=== Data for processing ===
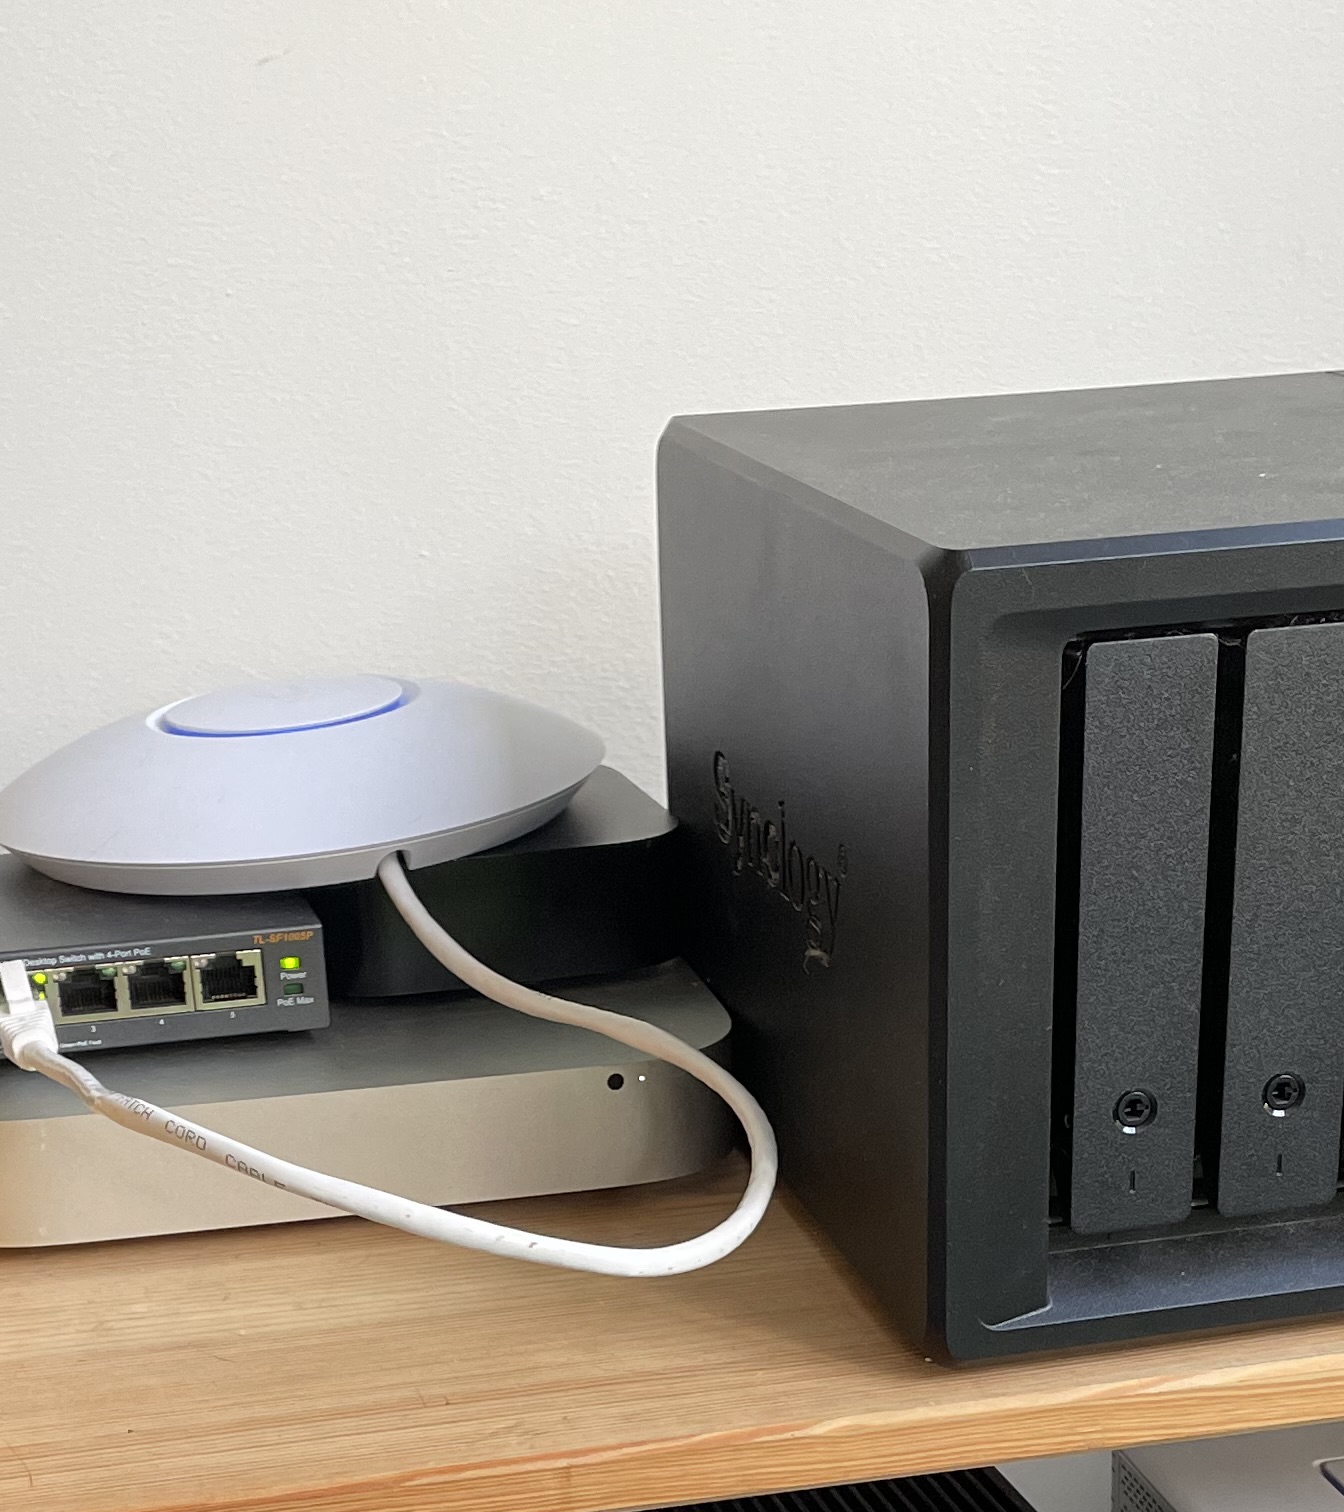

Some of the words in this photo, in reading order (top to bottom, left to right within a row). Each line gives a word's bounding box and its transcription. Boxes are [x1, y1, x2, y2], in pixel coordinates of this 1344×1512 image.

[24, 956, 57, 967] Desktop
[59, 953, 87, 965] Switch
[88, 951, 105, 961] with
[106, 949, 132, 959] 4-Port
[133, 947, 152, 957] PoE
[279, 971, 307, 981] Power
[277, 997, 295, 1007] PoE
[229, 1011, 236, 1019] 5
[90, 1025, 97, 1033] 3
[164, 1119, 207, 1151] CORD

=== The problem ===
Your copy should hold every record word for word and none of the pictures.

=== Result of this task ===
Some of the words in this photo, in reading order (top to bottom, left to right within a row). Each line gives a word's bounding box and its transcription. Boxes are [x1, y1, x2, y2], in pixel coordinates of this 1344×1512 image.

[24, 956, 57, 967] Desktop
[59, 953, 87, 965] Switch
[88, 951, 105, 961] with
[106, 949, 132, 959] 4-Port
[133, 947, 152, 957] PoE
[279, 971, 307, 981] Power
[277, 997, 295, 1007] PoE
[229, 1011, 236, 1019] 5
[90, 1025, 97, 1033] 3
[164, 1119, 207, 1151] CORD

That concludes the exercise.